Cultivar Selection Guide for Florida-Grown Pomegranates

How reliable is the information? The tabulated information is derived from observations taken over the years 2010-2015 on young plants generally about 2-8 years old. However, there is an emphasis on observations collected in 2015 from a cooperator project in the Dundee area and earlier observations from the planting at Water Conserv II. The information is not perfect because variability can always be expected when farming a crop like pomegranates. Peel and aril color may vary depending on the weather [temperature; rainfall], but the cropping characteristics, fruit size and most of the other traits have proven to be reasonably consistent enough to be used in describing the cultivars as they grow in Florida. So, the answer to the question is: Reliable enough to be useful in comparing groups of cultivars and, to some extent, individual cultivars. For example, to find pomegranates for fresh use, one could start by only choosing that group of selections with soft seeds and then deciding which pomegranates to choose based on yield or other traits important to you.

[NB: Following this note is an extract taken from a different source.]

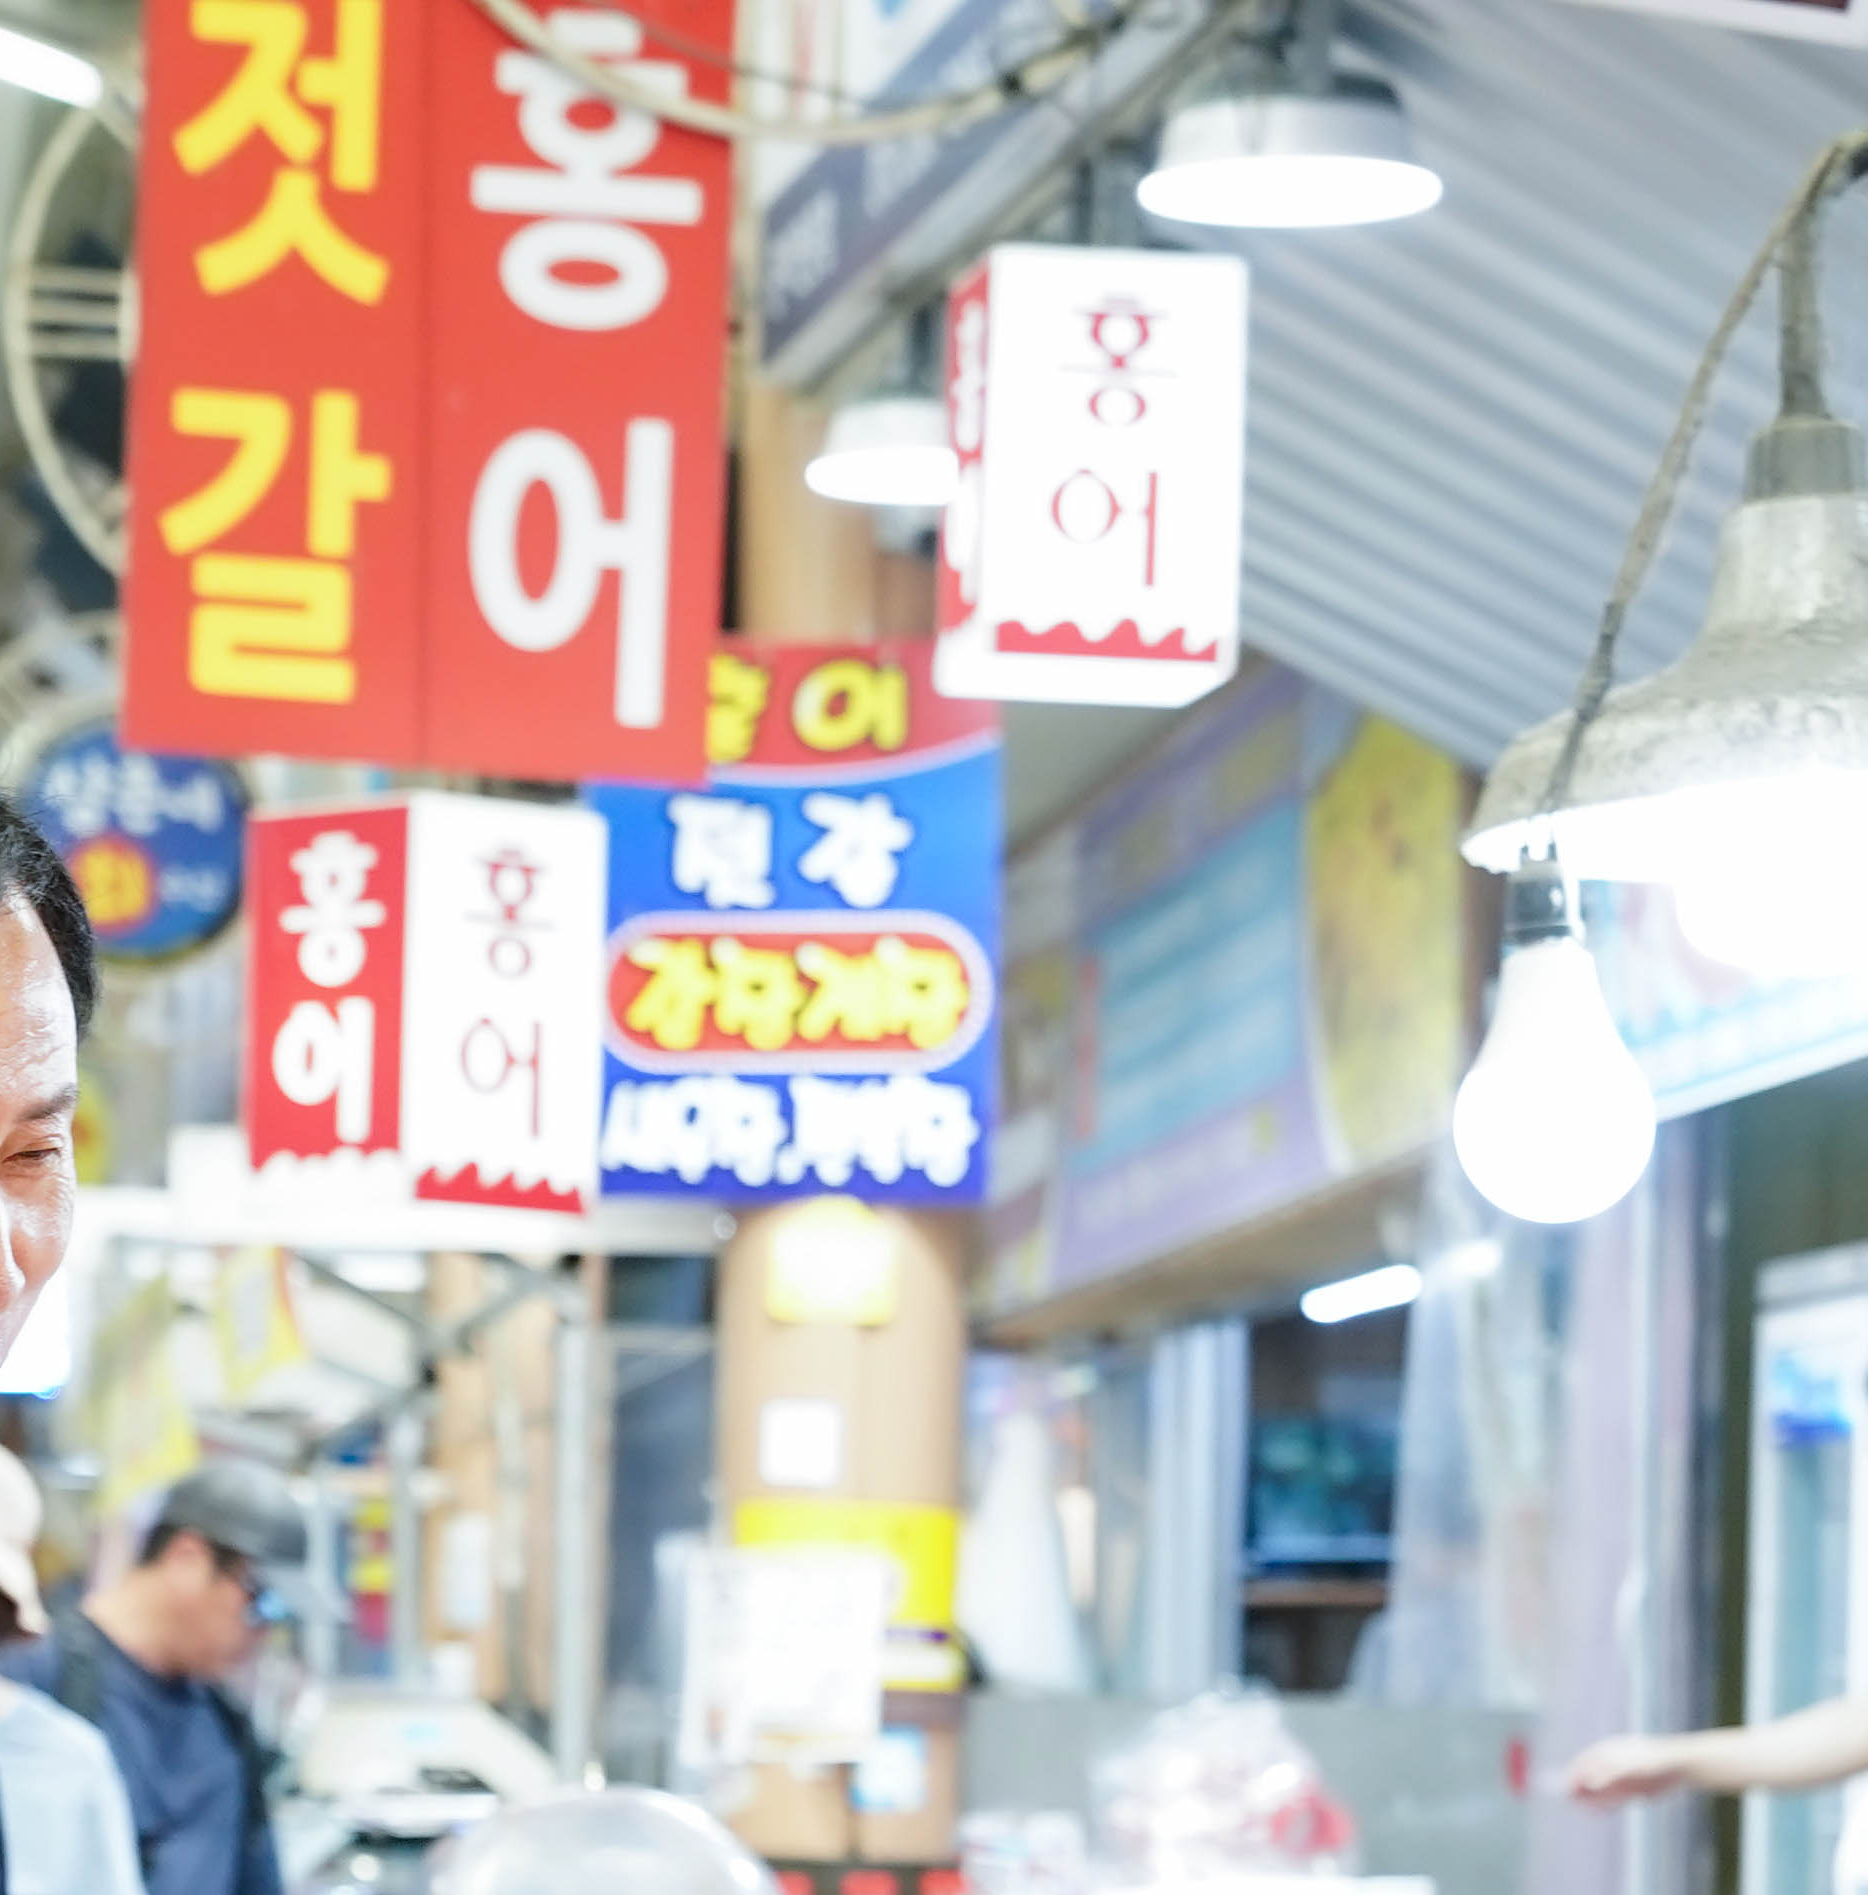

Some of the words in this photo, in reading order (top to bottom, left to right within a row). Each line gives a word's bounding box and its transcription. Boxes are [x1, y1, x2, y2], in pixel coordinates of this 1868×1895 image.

However, there certainly are pomegranate cultivars with distinctive and consistent characteristics like Vkusnyi, Christina and Girkanets that are expressed regardless of where the selections are grown in Florida.
Cold hardiness. In general, hard-seeded sweet/tart red varieties are thought to be the most cold hardy, i.e., their ability to withstand cold winter temperatures.  Soft-seeded yellow selections are considered to be less tolerant. Placing the various pomegranate varieties into those categories is unproven in Florida. Like many other perennial tree crops, pomegranates, regardless of the type, seem to be vulnerable to winter cold as young plants [0-2 years old] and must be protected until established. Also, as with many plants, the expression of cold hardiness has a great deal to do with the natural ability of a plant and its interaction with the particular weather conditions in the Fall before Winter.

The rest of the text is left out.